Your instructions:
Each entry should be returned exactly as written, with no pictures carried over.

Records from a data collection
►
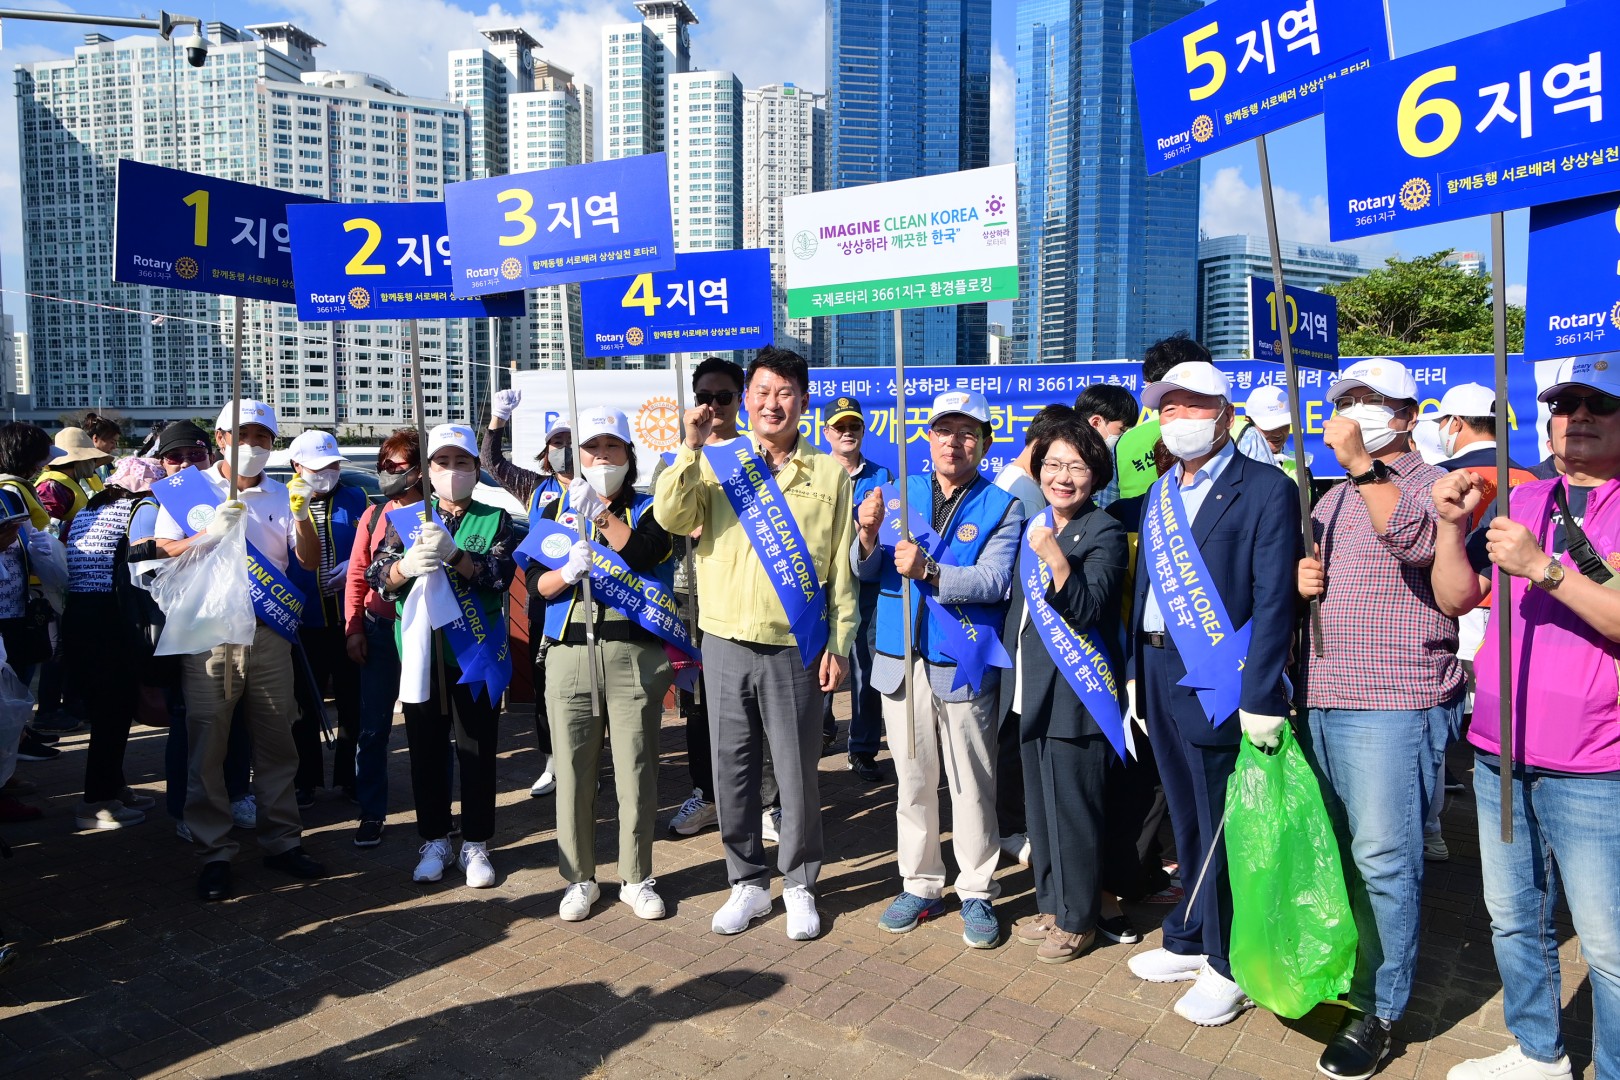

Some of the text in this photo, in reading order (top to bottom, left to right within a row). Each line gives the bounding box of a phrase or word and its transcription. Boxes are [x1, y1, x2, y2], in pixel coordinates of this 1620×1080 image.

[1182, 0, 1320, 101] 5 지역
[1224, 103, 1259, 125] 함께동행
[1261, 87, 1297, 111] 서로배려
[1397, 51, 1602, 158] 6 지역
[1157, 128, 1190, 150] Rotary
[1163, 143, 1192, 161] 3661지구
[1447, 146, 1620, 194] 함께동행 서로배려 상상실천
[1348, 193, 1396, 214] Rotary
[182, 189, 209, 247] 1
[496, 188, 620, 247] 3 지역
[819, 207, 979, 240] IMAGINE CLEAN KOREA
[1355, 210, 1397, 227] 3661지구
[891, 231, 928, 249] 깨끗한
[982, 228, 1010, 240] 상상하라
[986, 237, 1007, 247] 로타리
[342, 218, 386, 275] 2
[532, 245, 657, 270] 함께동행 서로배려 상상실천 로타리
[133, 255, 173, 271] Rotary
[138, 269, 172, 280] 3661지구
[466, 265, 499, 279] Rotary
[212, 268, 245, 282] 함께동행
[247, 274, 279, 286] 서로배려
[471, 278, 500, 288] 3661지구
[310, 291, 346, 306] Rotary
[380, 292, 413, 302] 함께동행
[415, 291, 447, 301] 서로배려
[621, 272, 729, 317] 4 지역
[811, 276, 993, 309] 국제로타리 3661지구 환경플로킹
[316, 305, 347, 314] 3661지구
[1549, 311, 1606, 331] Rotary
[595, 333, 624, 344] Rotary
[653, 326, 760, 340] 함께동행 서로배려 상상실천 로타리
[1300, 311, 1328, 343] 지역
[1555, 330, 1605, 346] 3661지구
[600, 343, 625, 351] 3661지구
[841, 379, 872, 396] 테마
[1018, 377, 1032, 392] RI
[981, 457, 1003, 472] 9월
[734, 448, 774, 506] IMAGINE
[767, 505, 798, 552] CLEAN
[789, 544, 815, 603] KOREA
[755, 519, 782, 559] 깨끗한
[1156, 550, 1180, 594] 깨끗한
[1160, 474, 1225, 647] IMAGINE CLEAN KOREA
[591, 551, 677, 615] MAGINE CLEAN
[263, 599, 291, 625] 깨끗한
[461, 599, 487, 645] KOREA
[641, 605, 673, 632] 깨끗한
[1050, 625, 1082, 667] 깨끗한
[1090, 652, 1119, 702] KOREA
◄
Result:
Some of the text in this photo, in reading order (top to bottom, left to right within a row). Each line gives the bounding box of a phrase or word and its transcription. Boxes are [x1, y1, x2, y2], in pixel coordinates of this 1620×1080 image.

[1182, 0, 1320, 101] 5 지역
[1224, 103, 1259, 125] 함께동행
[1261, 87, 1297, 111] 서로배려
[1397, 51, 1602, 158] 6 지역
[1157, 128, 1190, 150] Rotary
[1163, 143, 1192, 161] 3661지구
[1447, 146, 1620, 194] 함께동행 서로배려 상상실천
[1348, 193, 1396, 214] Rotary
[182, 189, 209, 247] 1
[496, 188, 620, 247] 3 지역
[819, 207, 979, 240] IMAGINE CLEAN KOREA
[1355, 210, 1397, 227] 3661지구
[891, 231, 928, 249] 깨끗한
[982, 228, 1010, 240] 상상하라
[986, 237, 1007, 247] 로타리
[342, 218, 386, 275] 2
[532, 245, 657, 270] 함께동행 서로배려 상상실천 로타리
[133, 255, 173, 271] Rotary
[138, 269, 172, 280] 3661지구
[466, 265, 499, 279] Rotary
[212, 268, 245, 282] 함께동행
[247, 274, 279, 286] 서로배려
[471, 278, 500, 288] 3661지구
[310, 291, 346, 306] Rotary
[380, 292, 413, 302] 함께동행
[415, 291, 447, 301] 서로배려
[621, 272, 729, 317] 4 지역
[811, 276, 993, 309] 국제로타리 3661지구 환경플로킹
[316, 305, 347, 314] 3661지구
[1549, 311, 1606, 331] Rotary
[595, 333, 624, 344] Rotary
[653, 326, 760, 340] 함께동행 서로배려 상상실천 로타리
[1300, 311, 1328, 343] 지역
[1555, 330, 1605, 346] 3661지구
[600, 343, 625, 351] 3661지구
[841, 379, 872, 396] 테마
[1018, 377, 1032, 392] RI
[981, 457, 1003, 472] 9월
[734, 448, 774, 506] IMAGINE
[767, 505, 798, 552] CLEAN
[789, 544, 815, 603] KOREA
[755, 519, 782, 559] 깨끗한
[1156, 550, 1180, 594] 깨끗한
[1160, 474, 1225, 647] IMAGINE CLEAN KOREA
[591, 551, 677, 615] MAGINE CLEAN
[263, 599, 291, 625] 깨끗한
[461, 599, 487, 645] KOREA
[641, 605, 673, 632] 깨끗한
[1050, 625, 1082, 667] 깨끗한
[1090, 652, 1119, 702] KOREA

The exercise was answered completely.